What needs to be done » Reproduce every record below word for word and include no pictures.

··· Records shown

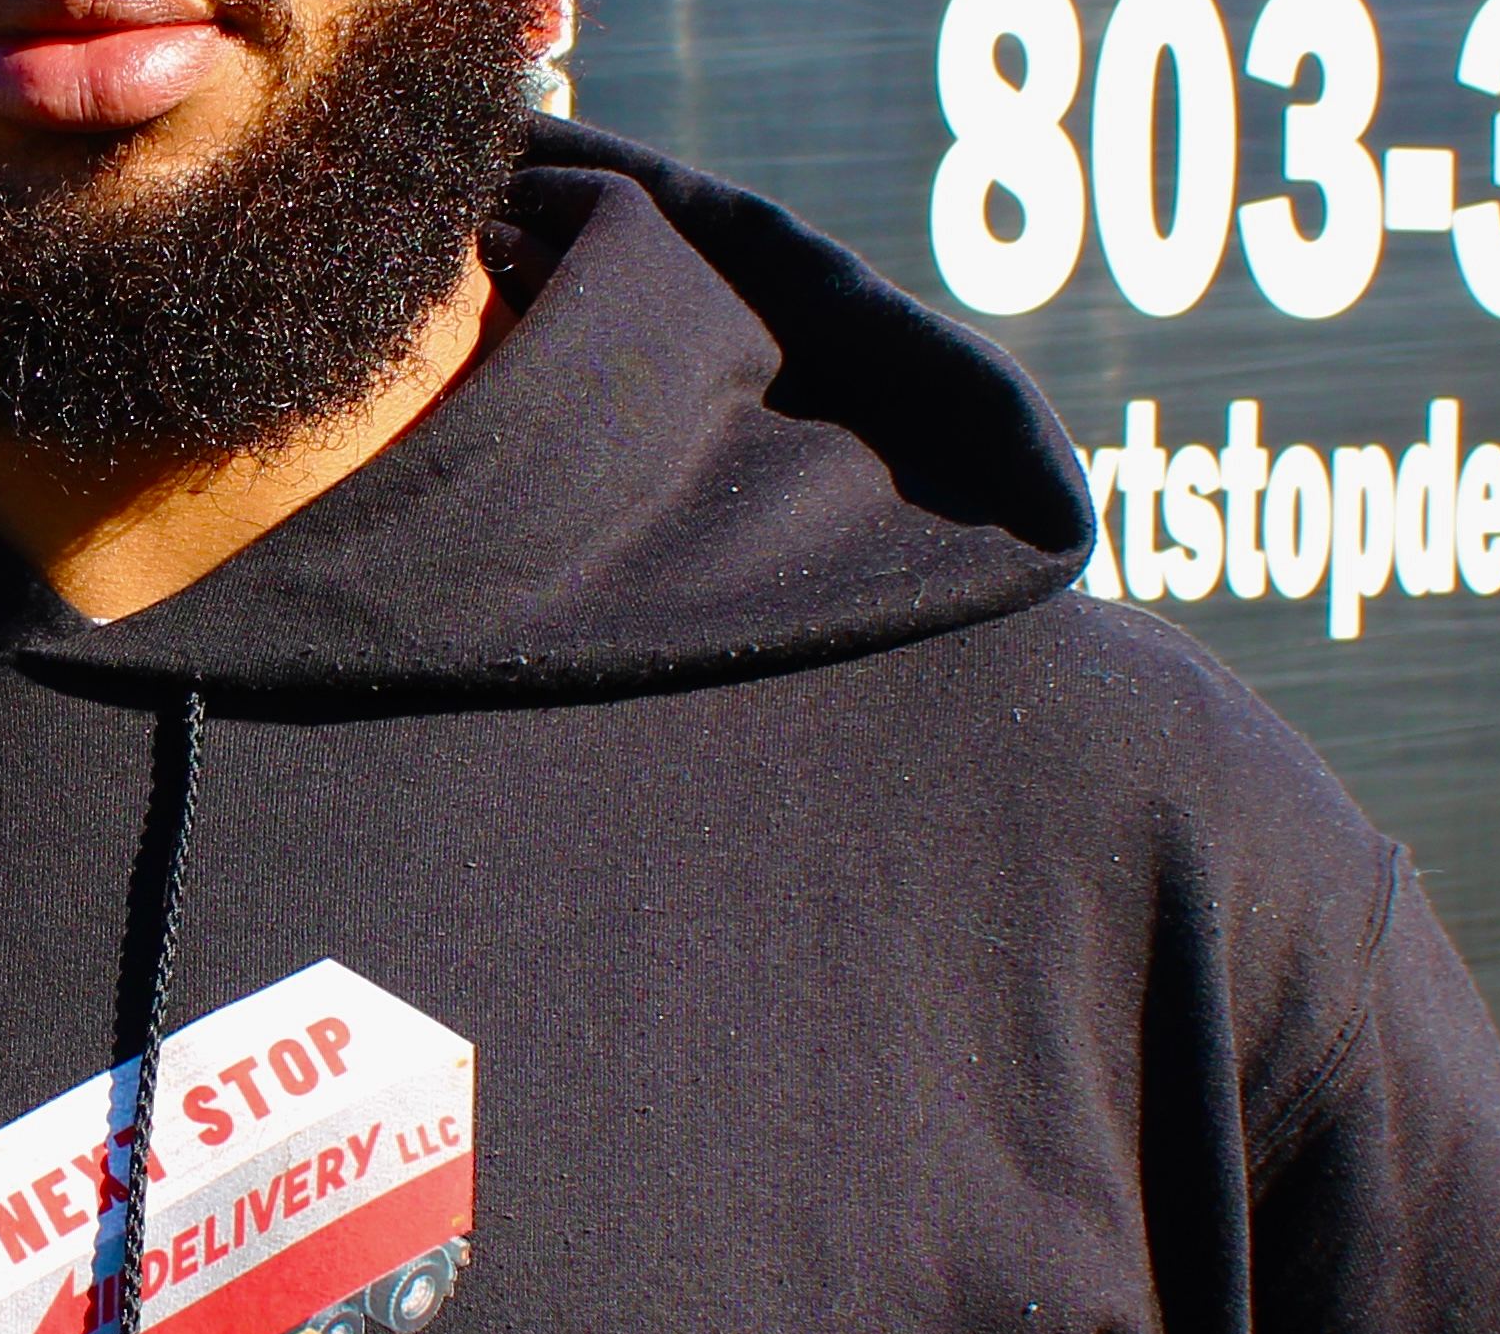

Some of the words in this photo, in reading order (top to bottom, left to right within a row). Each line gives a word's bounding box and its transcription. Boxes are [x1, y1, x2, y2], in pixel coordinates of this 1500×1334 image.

[181, 1016, 354, 1147] STOP
[140, 1122, 383, 1302] DELIVERY
[396, 1115, 463, 1166] LLC
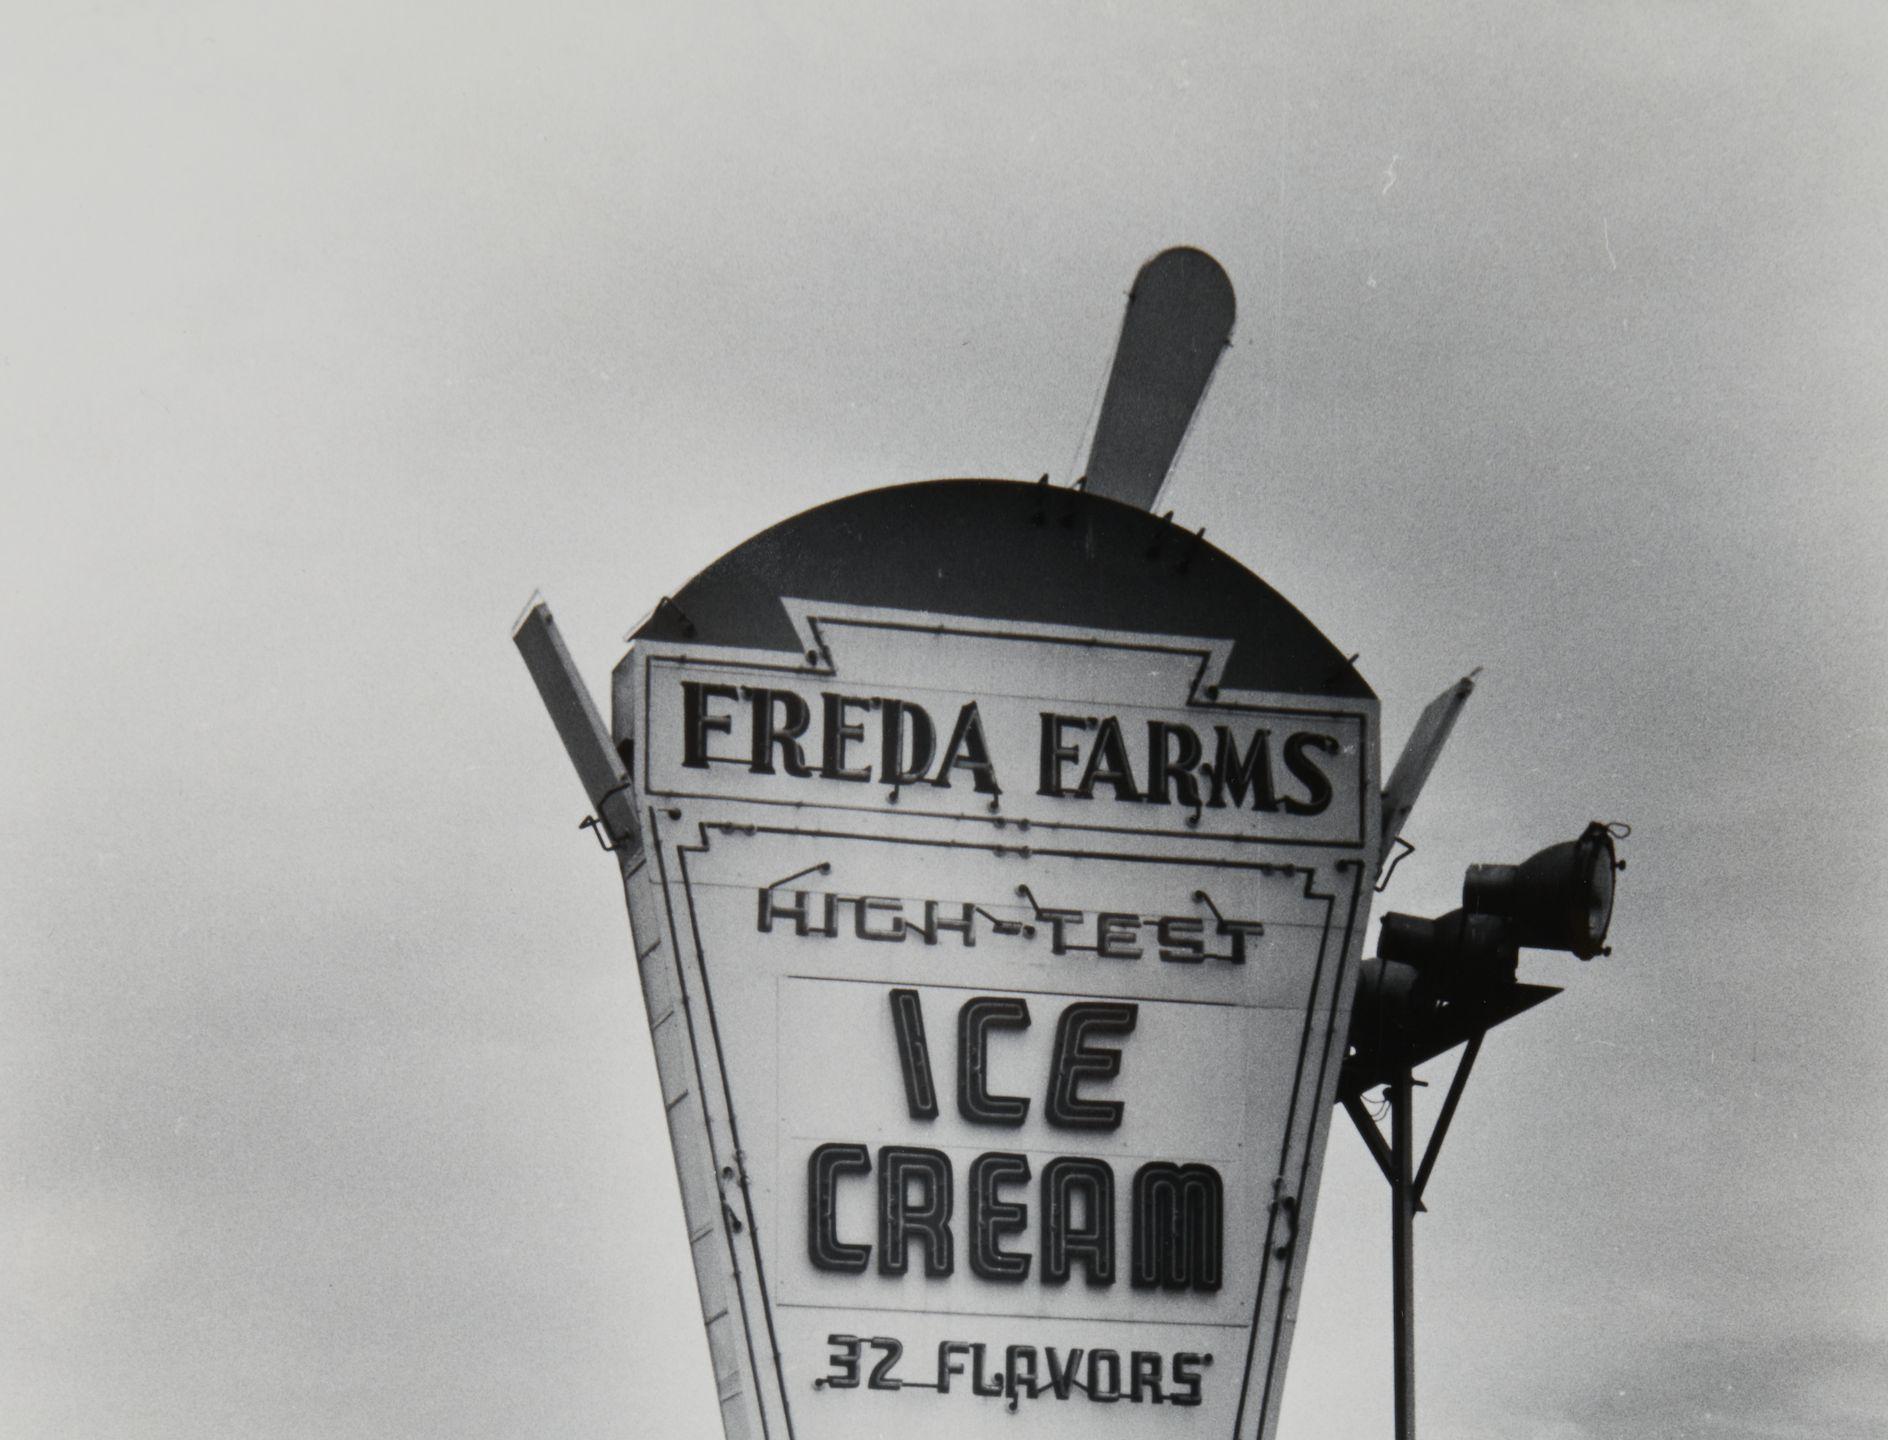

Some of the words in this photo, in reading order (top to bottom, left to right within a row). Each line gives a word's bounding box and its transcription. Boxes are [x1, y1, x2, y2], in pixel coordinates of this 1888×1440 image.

[681, 681, 1001, 796] FREDA
[1037, 711, 1340, 817] FARMS
[758, 886, 1264, 964] HIGH-TEST
[889, 988, 1138, 1130] ICE
[807, 1142, 1223, 1292] CREAM
[826, 1334, 904, 1390] 32
[937, 1340, 1202, 1406] FLAVORS
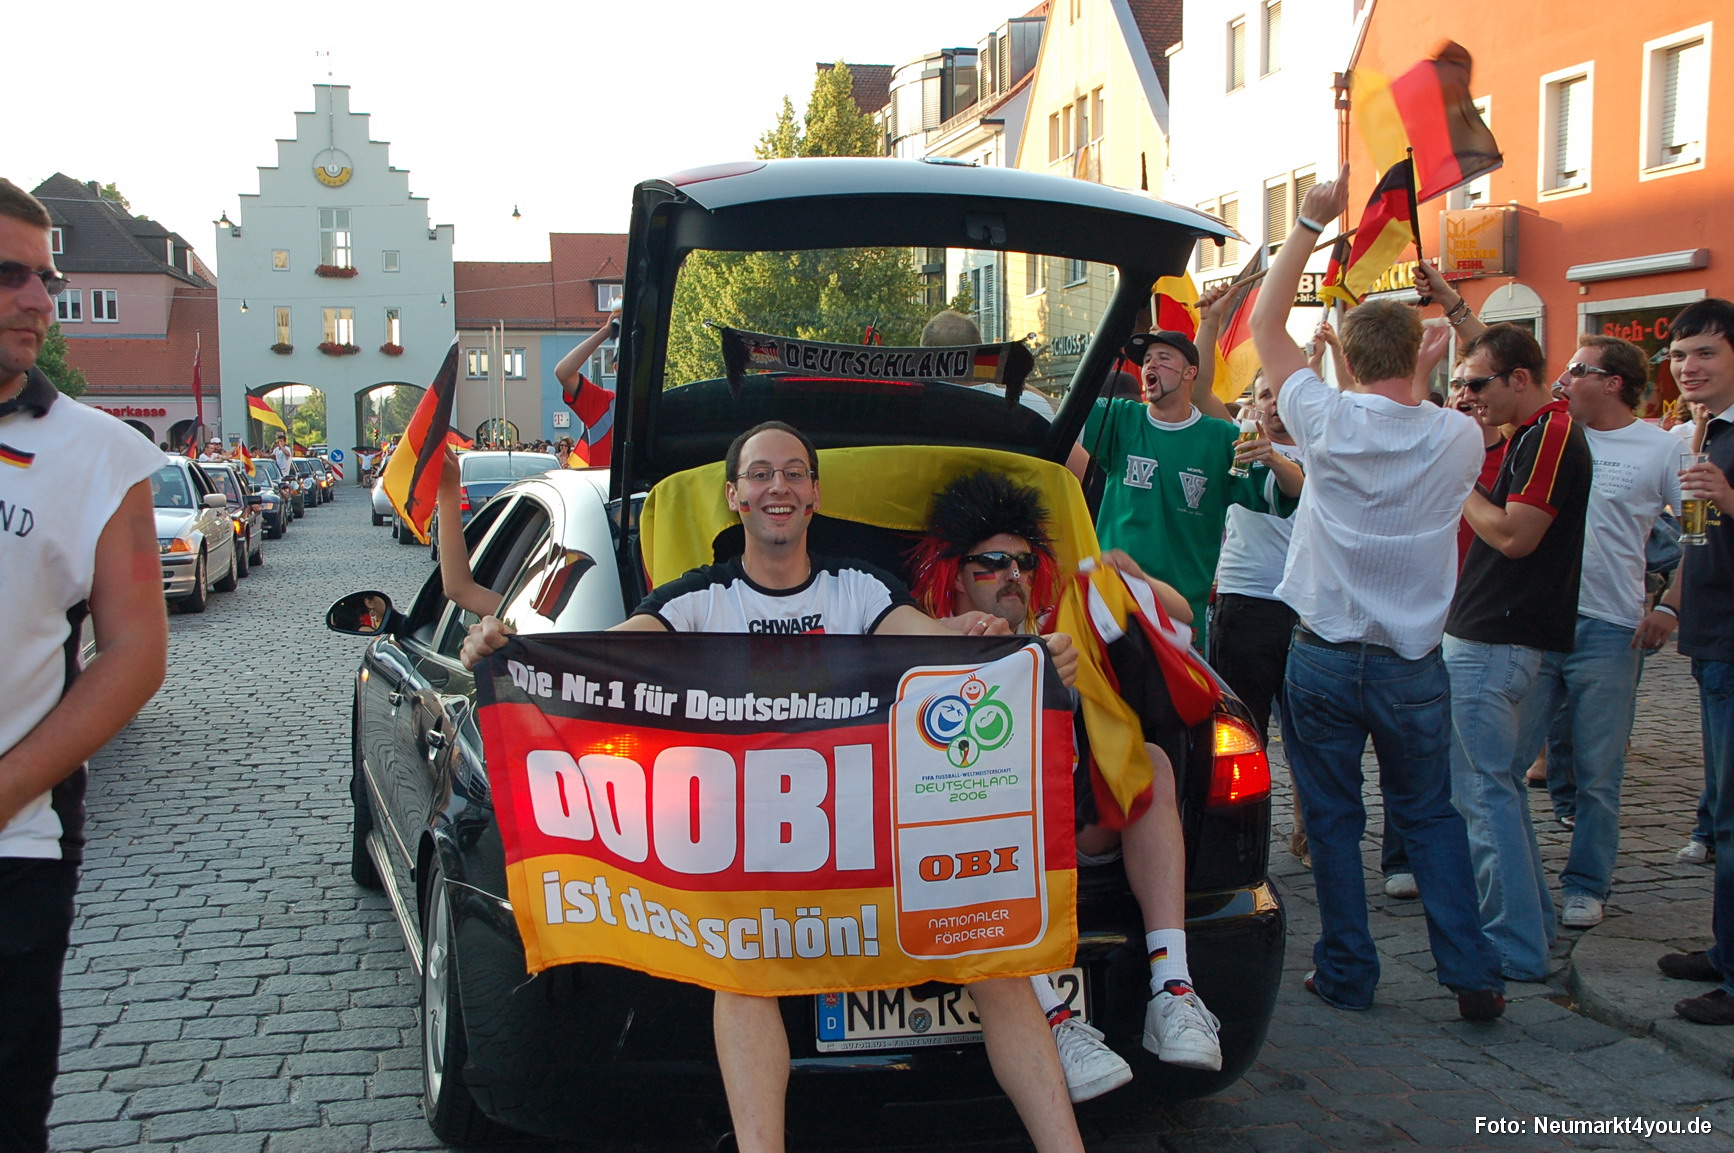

······

Solution »
Some of the words in this photo, in reading order (top to bottom, left to right within a row). Each line gives a word's bounding box and its transcription. Boxes are [x1, y1, x2, y2], in pixel coordinates of this 1500×1334 image.

[181, 1016, 354, 1147] STOP
[140, 1122, 383, 1302] DELIVERY
[396, 1115, 463, 1166] LLC

Some of the words in this photo, in reading order (top to bottom, left to right within a row). Each line gives a word's bounding box and its transcription. Boxes are [x1, y1, x2, y2], in pixel coordinates of this 1888×1440 image.

[681, 681, 1001, 796] FREDA
[1037, 711, 1340, 817] FARMS
[758, 886, 1264, 964] HIGH-TEST
[889, 988, 1138, 1130] ICE
[807, 1142, 1223, 1292] CREAM
[826, 1334, 904, 1390] 32
[937, 1340, 1202, 1406] FLAVORS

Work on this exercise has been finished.